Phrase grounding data

BEGIN

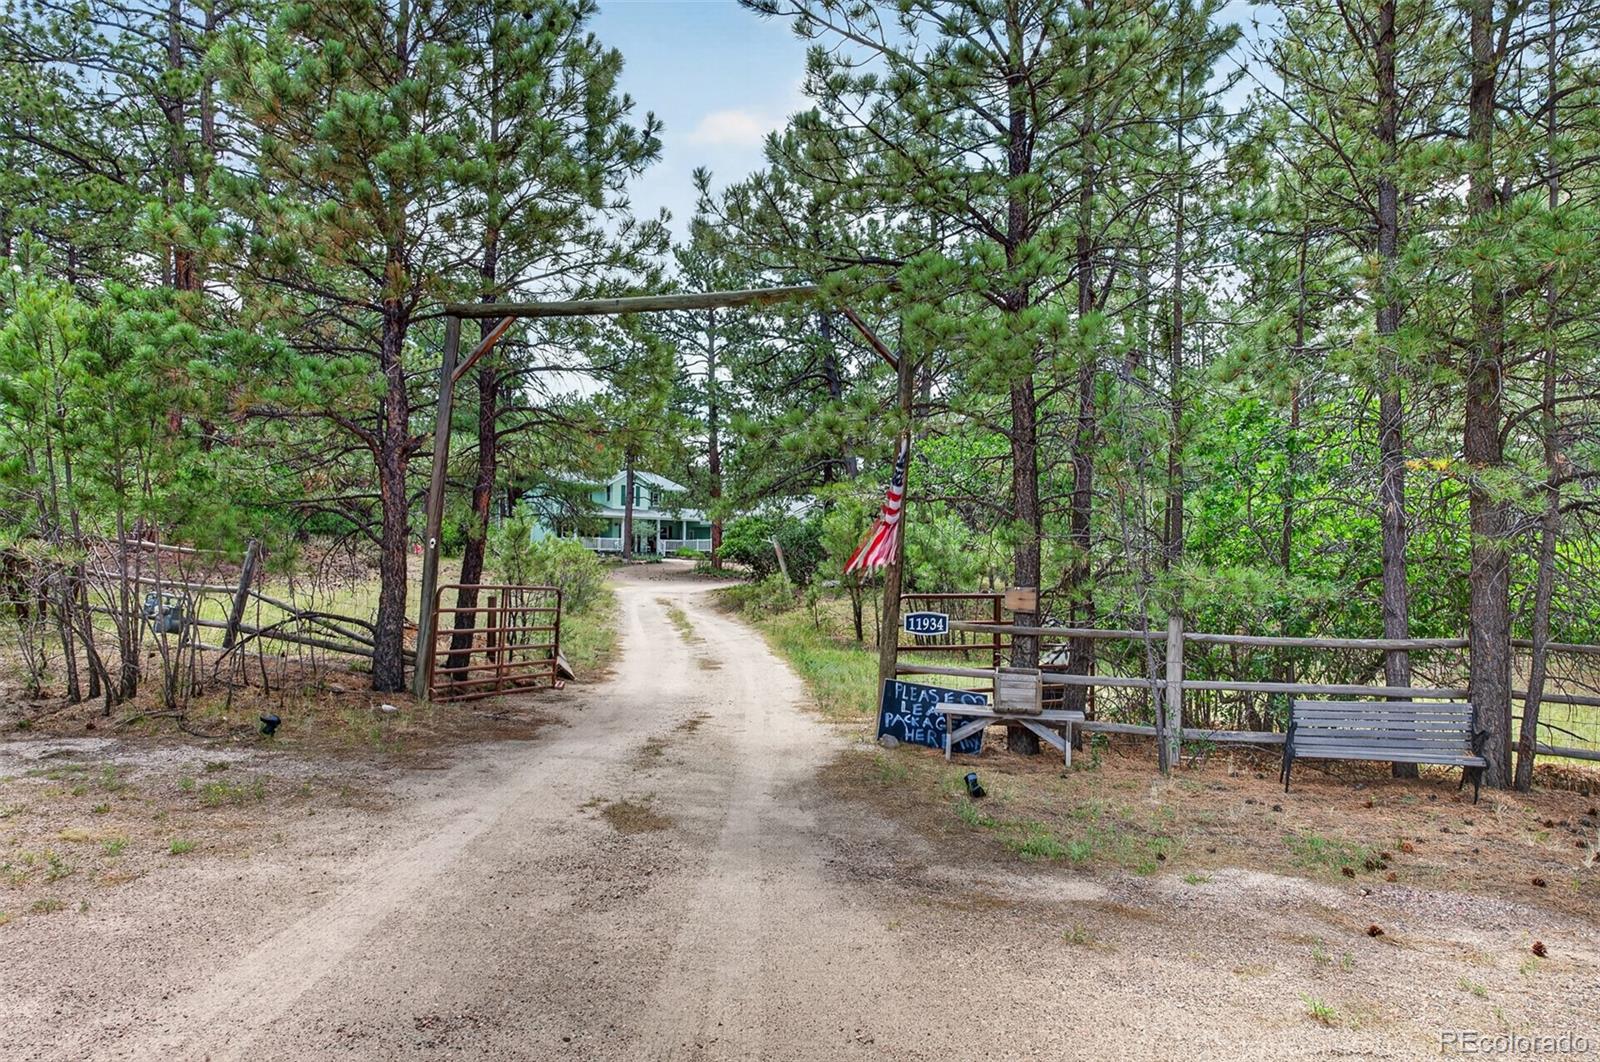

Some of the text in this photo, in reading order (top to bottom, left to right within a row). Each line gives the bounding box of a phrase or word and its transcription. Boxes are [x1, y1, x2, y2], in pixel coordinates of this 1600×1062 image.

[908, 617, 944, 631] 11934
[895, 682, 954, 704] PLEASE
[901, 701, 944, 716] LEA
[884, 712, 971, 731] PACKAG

END

- _ASSIGNMENT_:
Return every line shown above without changing a word, and skip the pictures.

- _TASK RESPONSE_:
Some of the text in this photo, in reading order (top to bottom, left to right within a row). Each line gives the bounding box of a phrase or word and its transcription. Boxes are [x1, y1, x2, y2], in pixel coordinates of this 1600×1062 image.

[908, 617, 944, 631] 11934
[895, 682, 954, 704] PLEASE
[901, 701, 944, 716] LEA
[884, 712, 971, 731] PACKAG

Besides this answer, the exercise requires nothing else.